I commenti che si leggono nei social sono i più variegati e, tutto sommato, anche abbastanza scontati: si va dal “così fan tutti”, al “è evidente che la studentessa che ha denunciato è solamente invidiosa dei buoni risultati dei compagni” fino al consueto “i problemi della scuola sono ben altri” (frase che ovviamente si può utilizzare in qualsiasi circostanza, per commentare ogni avvenimento).

Qui, vorrei però soffermarmi sulle dichiarazioni rese da un collega della docente che avrebbe inviato agli studenti i messaggini incriminati con la segnalazione dell’argomento con cui si sarebbe aperta la prova orale.
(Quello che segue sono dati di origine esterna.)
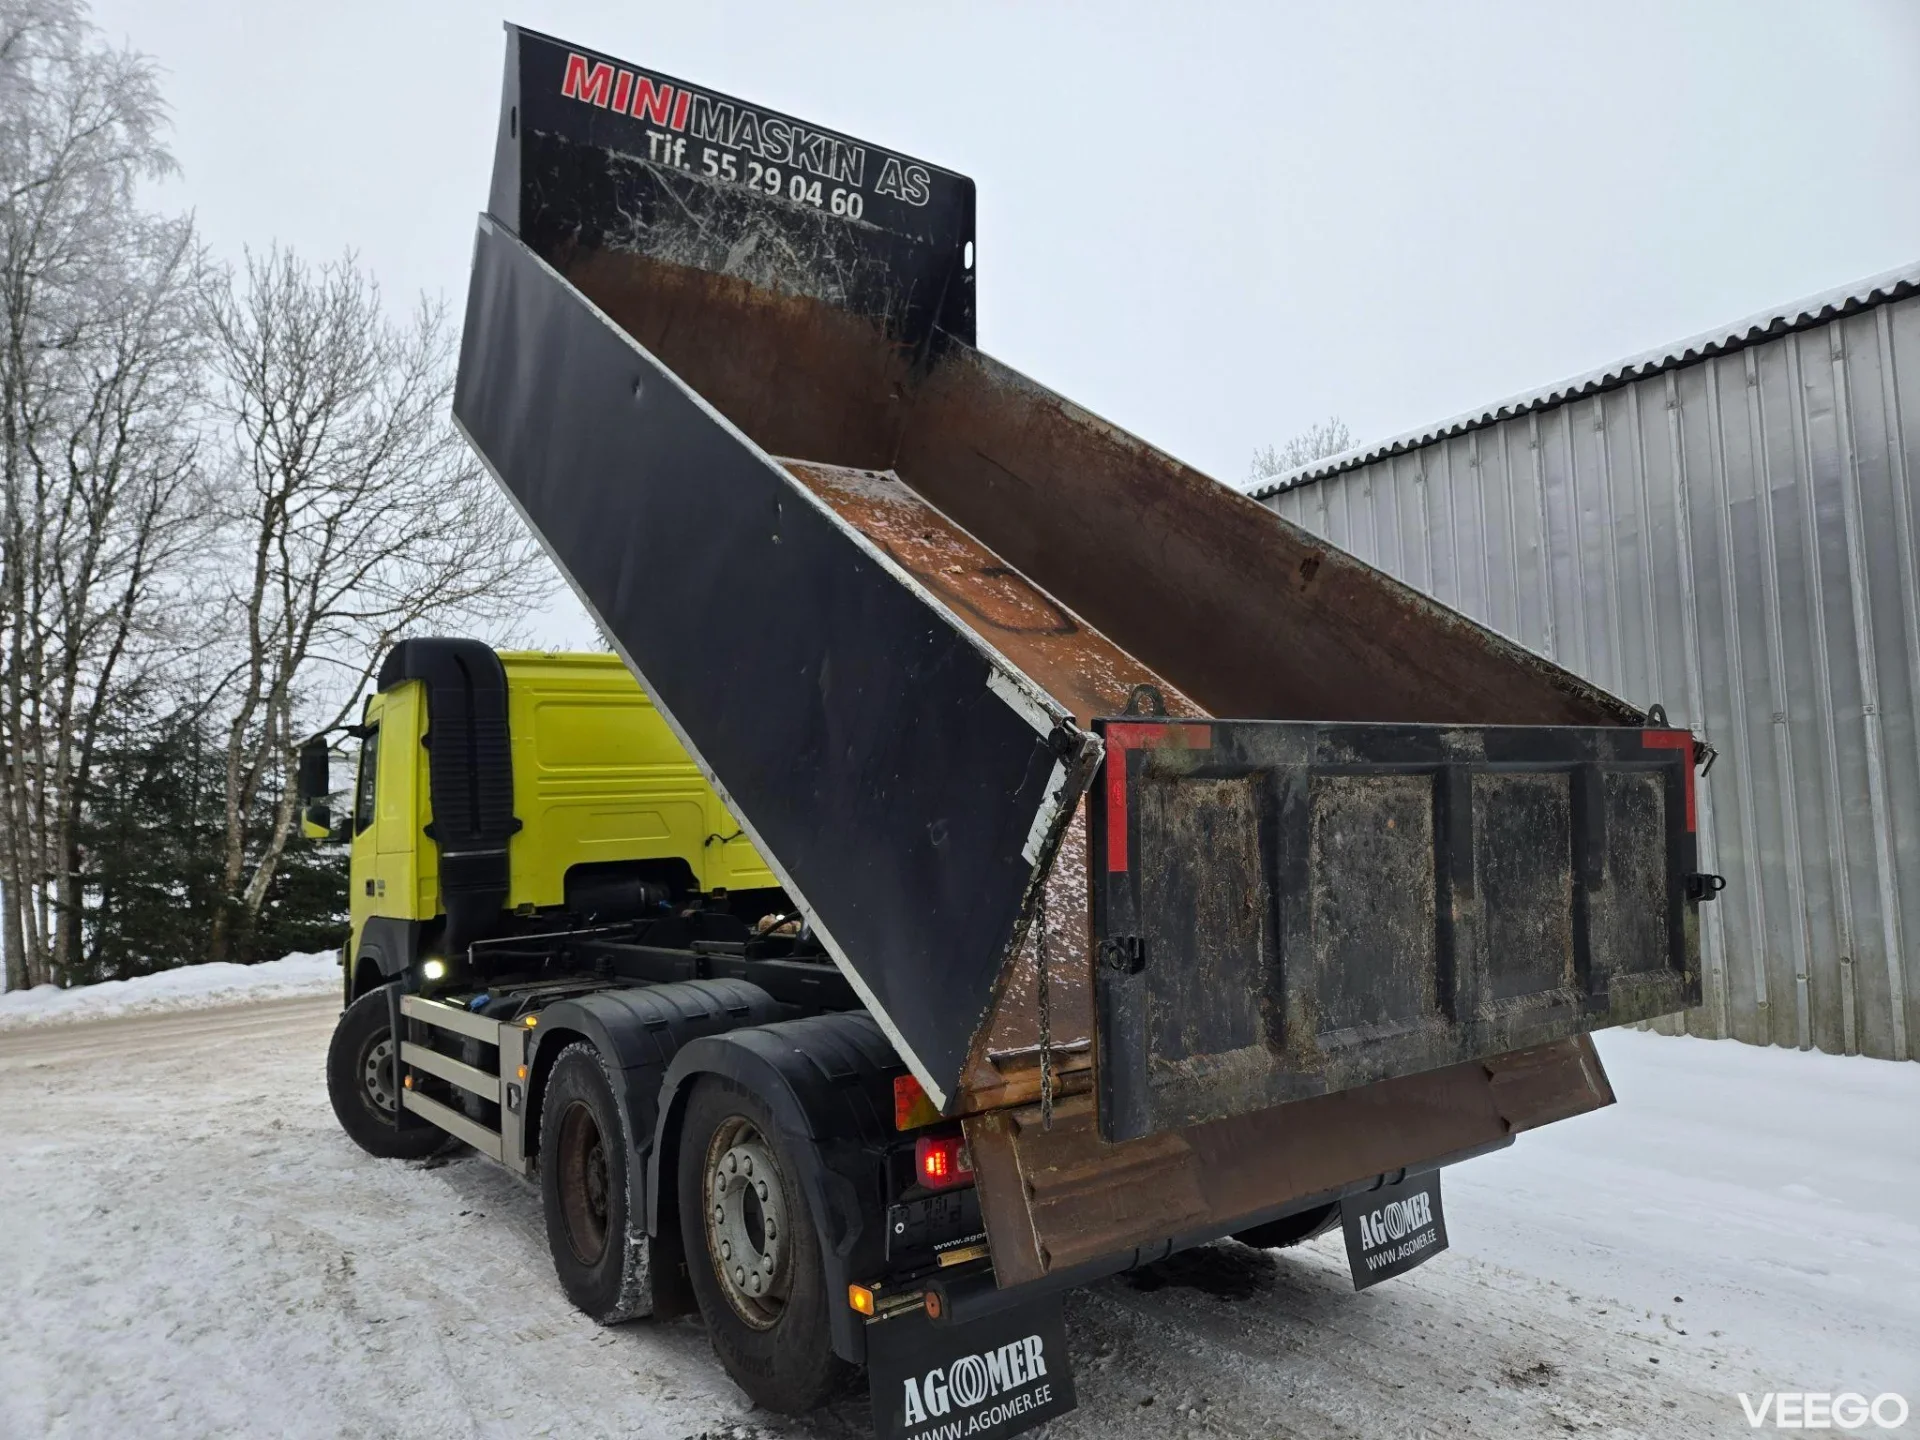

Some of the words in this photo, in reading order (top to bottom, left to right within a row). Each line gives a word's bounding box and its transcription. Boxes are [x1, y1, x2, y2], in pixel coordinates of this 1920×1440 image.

[561, 52, 865, 188] MINIMASKIN
[875, 157, 931, 207] AS
[702, 147, 737, 182] 55
[748, 162, 782, 196] 29
[789, 175, 823, 208] 04
[831, 188, 863, 220] 60
[1359, 1191, 1433, 1252] AGOMER
[1366, 1228, 1437, 1271] WWW.AGOMER.EE
[903, 1334, 1048, 1428] AGOMER
In sostanza il collega afferma che la docente avrebbe agito per amore nei confronti degli studenti; ma poi si spinge oltre e aggiunge che più di 2mila anni fa ci fu qualcuno che per amore degli altri fu addirittura crocifisso.
Ora, a parte il paragone abnorme fra Gesù Cristo e la professoressa di Spadafora, vale forse la pena soffermarsi su due questioni: ma davvero l’amore può essere considerato una giustificazione per atti e comportamenti contrari alle leggi? ma davvero far conoscere in anticipo l’argomento dell’esame è un “gesto d’amore”?
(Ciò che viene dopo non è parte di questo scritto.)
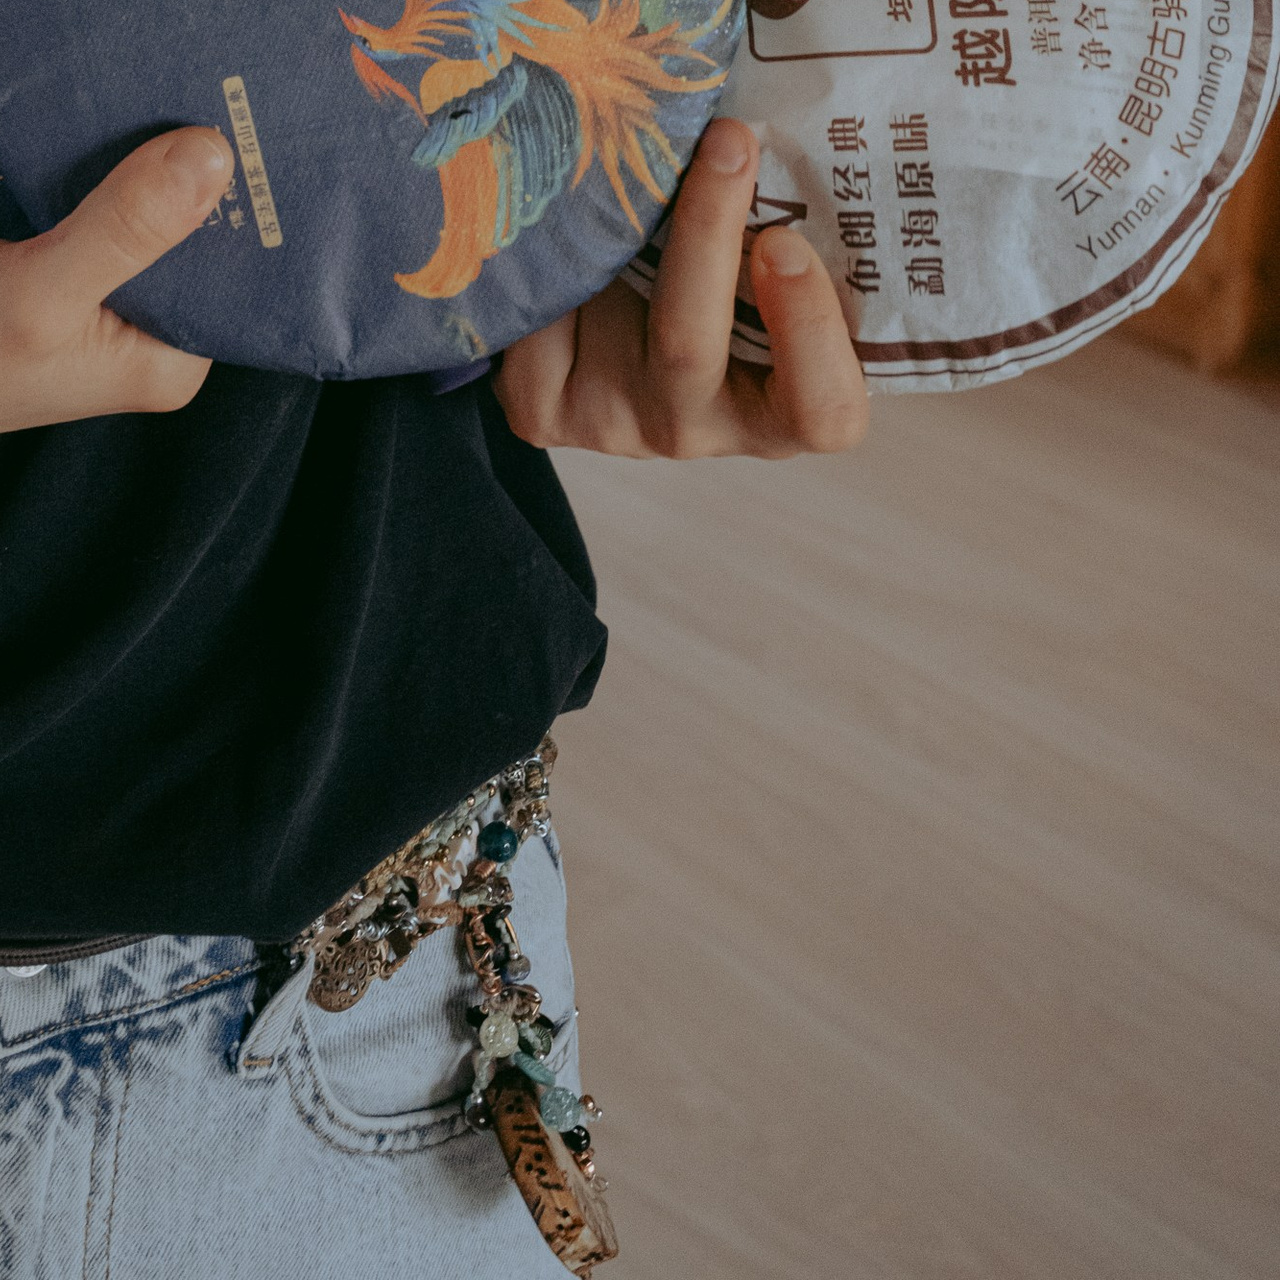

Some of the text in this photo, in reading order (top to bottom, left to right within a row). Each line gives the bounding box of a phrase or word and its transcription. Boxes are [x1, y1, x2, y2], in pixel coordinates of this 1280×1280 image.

[826, 115, 880, 297] 布朗经典
[888, 113, 949, 298] 勐海原味
[1077, 184, 1166, 260] Yunnan
[1171, 44, 1231, 158] Kunming
Mi pare che non ci sia bisogno di chiamare in causa l’imperativo categorico di Kant per rispondere “no” ad entrambe le domande.
Se bastasse l’amore a rendere lecito un comportamento, tutto (o quasi) diventerebbe accettabile.
Senza trascurare il fatto che bisogna poi chiedersi anche se “amare i propri studenti” voglia dire dargli qualche “aiutino” in occasione degli esami o se al contrario sia necessario renderli consapevoli delle difficoltà dello studio (e della vita) anche a costo di metterli di fronte ad un possibile “insuccesso” o comunque ad un risultato non all’altezza delle aspettative.
Mi sembra che l’intera vicenda metta in luce un altro elemento su cui vale la pena riflettere: ormai sempre più spesso si tende a confondere la necessità di “comprendere” le ragioni di un fatto con la volontà di “giustificare” fatti e avvenimenti che meriterebbero di essere valutati per quello che sono e cioè atti “illeciti”.
Comprendere è sempre necessario, se non altro per capire le ragioni di un evento e per evitare errori futuri: bisogna certamente “comprendere” perché un ragazzo “fa il bullo” per individuare le strategie di “cura”, senza però arrivare a giustificare gli atti di bullismo.
Altrimenti arriviamo al paradosso di considerare “marachelle” o poco più tanti comportamenti non propriamente edificanti (si va dai gattini presi a sassate dalla piccola banda di ragazzini fino alla scuola incendiata); per arrivare a definire “bravate” episodi di violenza nei confronti di un insegnante e altro.
Quanto infine al paragone fra la professoressa di Spadafora e Gesù Cristo, c’è un punto dirimente che ci fa dire che si tratta di un parallelismo del tutto inaccettabile: Gesù Cristo sapeva benissimo fin dall’inizio che sarebbe stato crocifisso, mentre la professoressa era quasi certamente convinta che nessuno si sarebbe accorto del suo grande “gesto d’amore” e si aspettava quindi non di essere crocifissa ma piuttosto ringraziata.